Images for object localization:

--- START ---

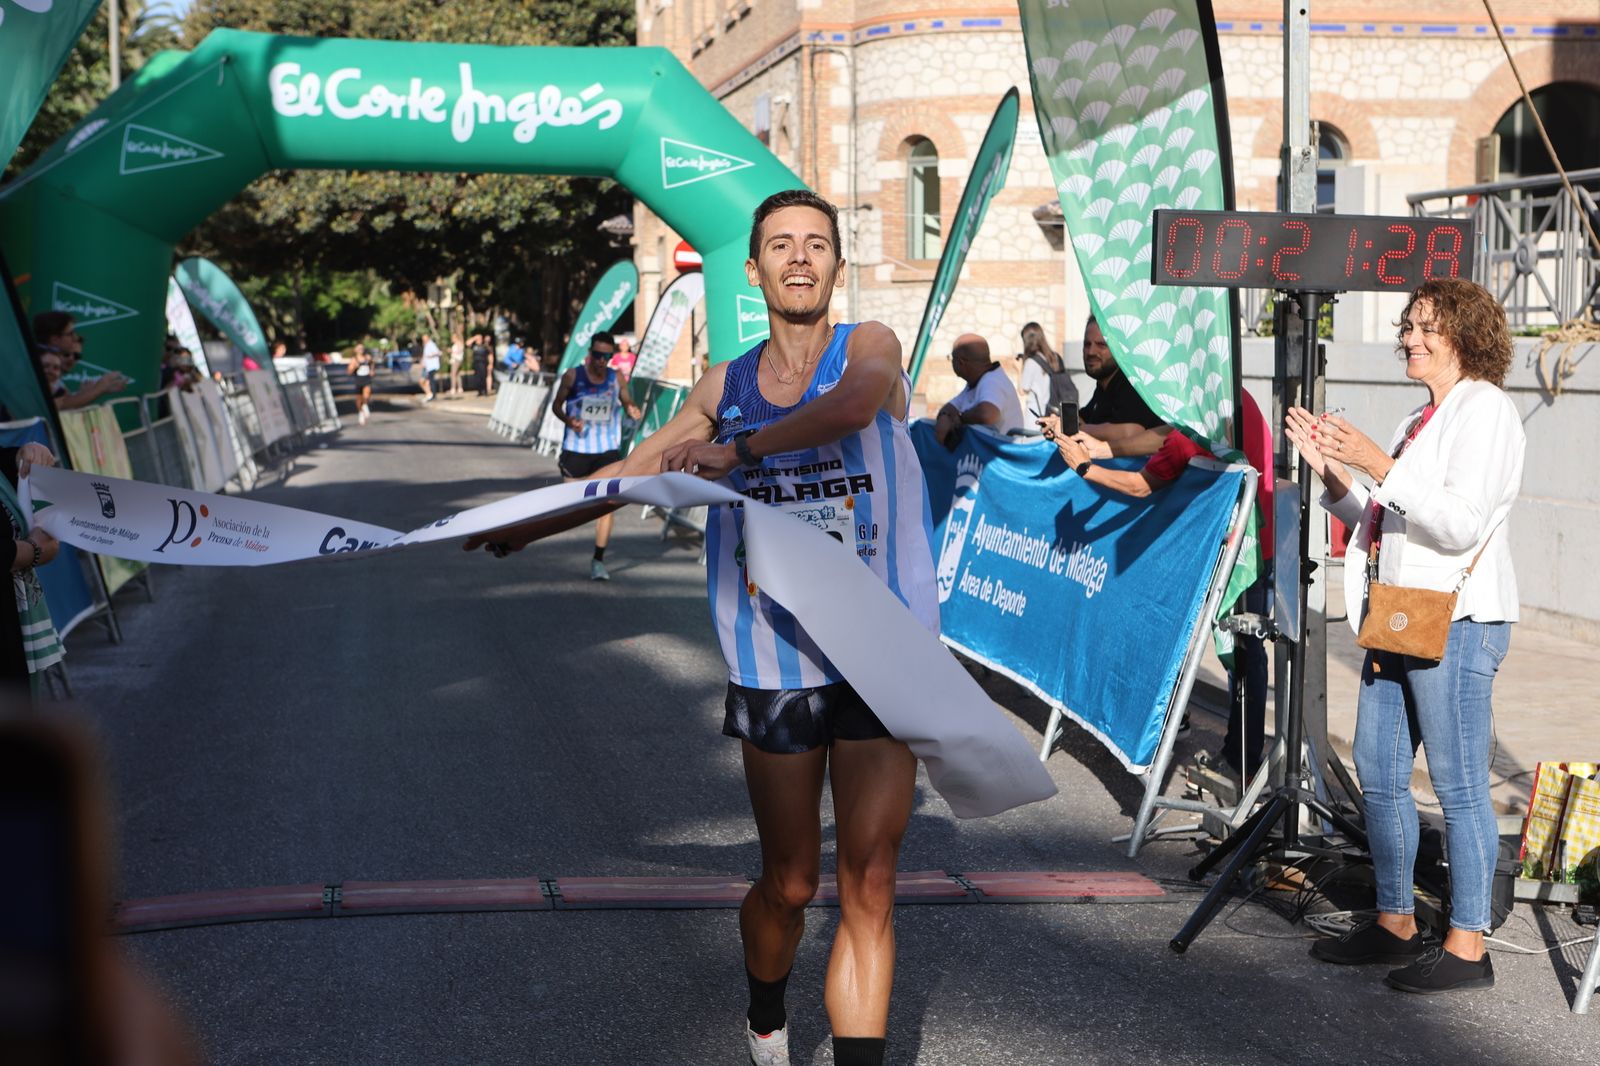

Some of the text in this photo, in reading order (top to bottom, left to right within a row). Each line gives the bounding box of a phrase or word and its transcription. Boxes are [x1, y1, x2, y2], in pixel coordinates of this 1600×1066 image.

[269, 62, 623, 144] El Corte Inglés
[585, 405, 608, 415] 471
[743, 459, 843, 480] ATLETISMO
[212, 516, 271, 539] Asociación de la
[207, 531, 270, 552] Prensa de Málaga
[971, 513, 1108, 599] Ayuntamiento de Málaga
[958, 561, 1027, 618] Área de Deporte

--- END ---

#### TASK DESCRIPTION:
Transcribe every record above exactly, leaving out the pictures.

#### REPLY TO THE EXERCISE:
Some of the text in this photo, in reading order (top to bottom, left to right within a row). Each line gives the bounding box of a phrase or word and its transcription. Boxes are [x1, y1, x2, y2], in pixel coordinates of this 1600×1066 image.

[269, 62, 623, 144] El Corte Inglés
[585, 405, 608, 415] 471
[743, 459, 843, 480] ATLETISMO
[212, 516, 271, 539] Asociación de la
[207, 531, 270, 552] Prensa de Málaga
[971, 513, 1108, 599] Ayuntamiento de Málaga
[958, 561, 1027, 618] Área de Deporte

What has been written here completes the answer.